As others have pointed out, "disinterested" isn't the best term. I think what you're going for is "free play." If you have some time (and haven't already seen it), I'd recommend this video from Folding Ideas. 

The relevant bits are from 1:34 to 18:00, but the whole video is frankly worth watching as a discussion of play priorities and gaming aids.

Now that the semantics are out of the way, I _love_ these scenes! Both in media and in gaming, they are some of my favorite scenes. I find them vital for characterization, audience engagement (the PCs in any non-streamed game), and establishing stakes. 

I'll point out that I tried to make space for this exact thing in my sci-fi pointcrawl. Relevant thread here. It did not go well; one of the commenters on that other thread (and on this one) mentioned that without very specific prompts, free play is very hard to roleplay. I think that if you want these scenes, you really, _really_ need to lay the groundwork. Unless one of your players is willing to step up and have a scene together with another character, turning the PCs loose for free play typically results in them staring at you, unsure of what to do next. 

*Spoiler: Wild Speculation*
Show

I'm fully theorizing (as I've never been able to pull this off heretofore), but laying the groundwork in this context is dependent on what kind of scene you're looking to have.

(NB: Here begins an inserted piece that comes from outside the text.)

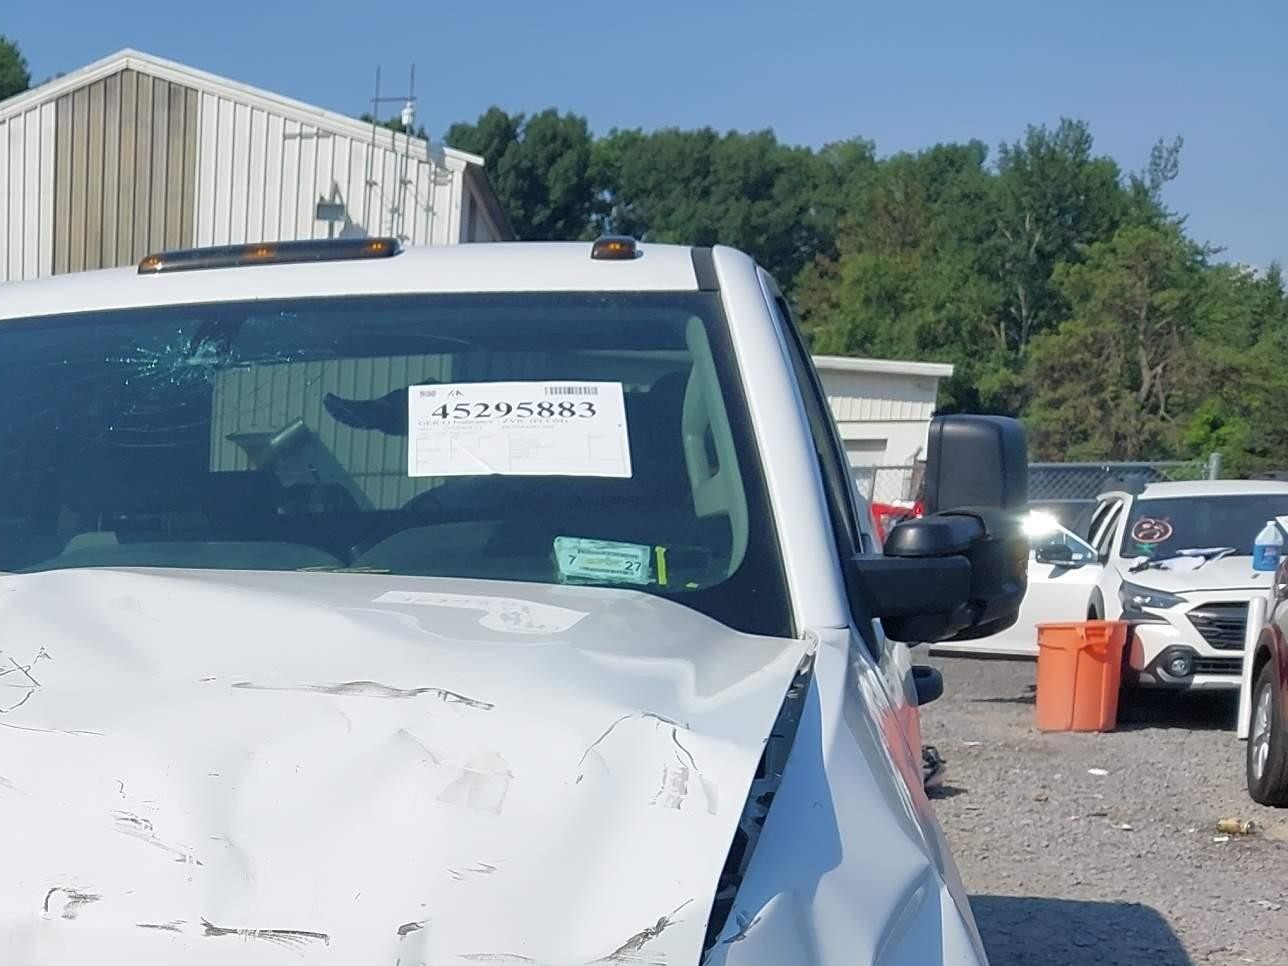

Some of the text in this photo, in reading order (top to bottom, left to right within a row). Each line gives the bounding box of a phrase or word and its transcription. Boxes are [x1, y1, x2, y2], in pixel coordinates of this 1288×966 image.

Do you want two PCs to have a scene and establish a bond? Might want to lay some groundwork by highlighting key background elements and letting the PCs know (outside of the game) that it's completely OK if they want to pull another player into a quick scene. For example, if you know that they have a connection via backstory, bring that up during play, then give them the opportunity to have that scene later on. 

If the players don't take the bait, that's fine; they've just let you know that free play isn't something they're interested in.

Want them to invest in an NPC? That's even easier; the NPC can just approach the PC and have a conversation. I find that's usually easier, since waiting for players to interact with NPCs that aren't Plot Relevant (TM) can take *checks notes* never. 


I'm really interested in your experiences cultivating this kind of play, Catullus; let me know how you've pulled this off, 'cuz I need all the help I can get!

----------


## Catullus64

> I'm really interested in your experiences cultivating this kind of play, Catullus; let me know how you've pulled this off, 'cuz I need all the help I can get!


The closest I've come to having a consistent device to insert it was with my Bard/Rogue PC in a friend's 5e game. I like composing songs and poems in my spare time, so I wrote a whole bunch for this guy. Some of them were for his Bard spells, but most were just old stories, love songs, sailor's tunes, marching ditties, dirty epigrams, hymns to the setting deities. The other players were pretty much always cool with taking a break from whatever we were doing and listening to a song or poem. It really made the game feel kind of like _The Lord of the Rings._ The DM would start to ask me, in tavern or camp, if I had one to share, and it became a kind of cue for an interlude of this kind of play: the Fighter told war stories, the Cleric player invented daily rituals for his god, the Barbarian flexed his culinary muscles.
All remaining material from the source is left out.